* **Exercise aim**
Below is a block of records; repeat each one exactly.

[Opening Data shown section]

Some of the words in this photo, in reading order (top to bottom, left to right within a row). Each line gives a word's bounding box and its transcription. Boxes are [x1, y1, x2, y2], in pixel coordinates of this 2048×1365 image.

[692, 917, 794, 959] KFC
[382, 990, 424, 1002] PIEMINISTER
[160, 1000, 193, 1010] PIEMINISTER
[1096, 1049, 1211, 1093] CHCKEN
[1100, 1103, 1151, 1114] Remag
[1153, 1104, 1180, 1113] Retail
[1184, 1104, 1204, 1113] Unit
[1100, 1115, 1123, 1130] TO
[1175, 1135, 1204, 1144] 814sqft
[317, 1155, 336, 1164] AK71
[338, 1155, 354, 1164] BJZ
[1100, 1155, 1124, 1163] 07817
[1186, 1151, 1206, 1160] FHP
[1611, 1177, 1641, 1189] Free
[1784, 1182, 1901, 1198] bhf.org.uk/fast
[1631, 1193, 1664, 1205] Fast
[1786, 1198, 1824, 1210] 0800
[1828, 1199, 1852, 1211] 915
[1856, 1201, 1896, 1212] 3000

[Closing Data shown section]

* **Task result**
Some of the words in this photo, in reading order (top to bottom, left to right within a row). Each line gives a word's bounding box and its transcription. Boxes are [x1, y1, x2, y2], in pixel coordinates of this 2048×1365 image.

[692, 917, 794, 959] KFC
[382, 990, 424, 1002] PIEMINISTER
[160, 1000, 193, 1010] PIEMINISTER
[1096, 1049, 1211, 1093] CHCKEN
[1100, 1103, 1151, 1114] Remag
[1153, 1104, 1180, 1113] Retail
[1184, 1104, 1204, 1113] Unit
[1100, 1115, 1123, 1130] TO
[1175, 1135, 1204, 1144] 814sqft
[317, 1155, 336, 1164] AK71
[338, 1155, 354, 1164] BJZ
[1100, 1155, 1124, 1163] 07817
[1186, 1151, 1206, 1160] FHP
[1611, 1177, 1641, 1189] Free
[1784, 1182, 1901, 1198] bhf.org.uk/fast
[1631, 1193, 1664, 1205] Fast
[1786, 1198, 1824, 1210] 0800
[1828, 1199, 1852, 1211] 915
[1856, 1201, 1896, 1212] 3000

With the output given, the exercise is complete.